┌─ Material provided

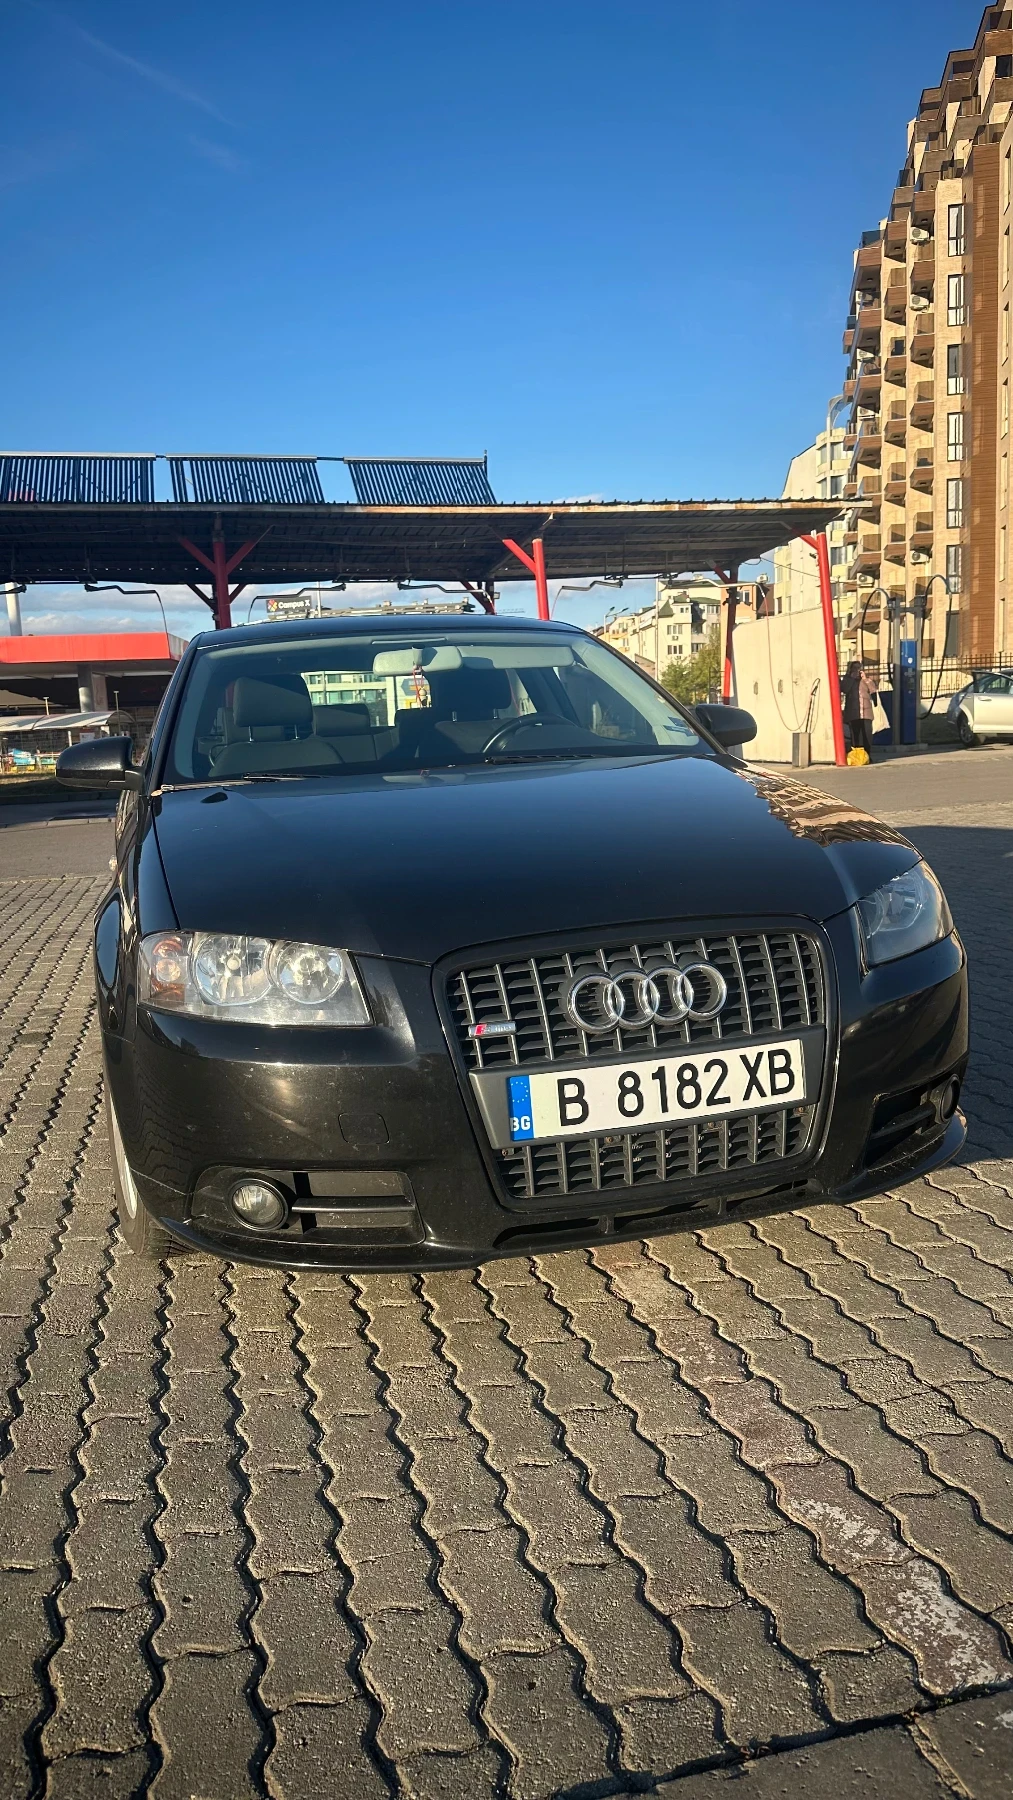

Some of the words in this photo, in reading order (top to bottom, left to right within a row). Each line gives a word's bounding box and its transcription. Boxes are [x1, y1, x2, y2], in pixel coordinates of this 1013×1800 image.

[278, 601, 304, 609] Campus
[557, 1078, 589, 1126] B
[617, 1058, 731, 1117] 8182
[739, 1049, 795, 1101] XB
[510, 1116, 531, 1131] BG

└─

What you need to do:
Your copy should match the records above word for word, but without images.

Output of the exercise:
Some of the words in this photo, in reading order (top to bottom, left to right within a row). Each line gives a word's bounding box and its transcription. Boxes are [x1, y1, x2, y2], in pixel coordinates of this 1013×1800 image.

[278, 601, 304, 609] Campus
[557, 1078, 589, 1126] B
[617, 1058, 731, 1117] 8182
[739, 1049, 795, 1101] XB
[510, 1116, 531, 1131] BG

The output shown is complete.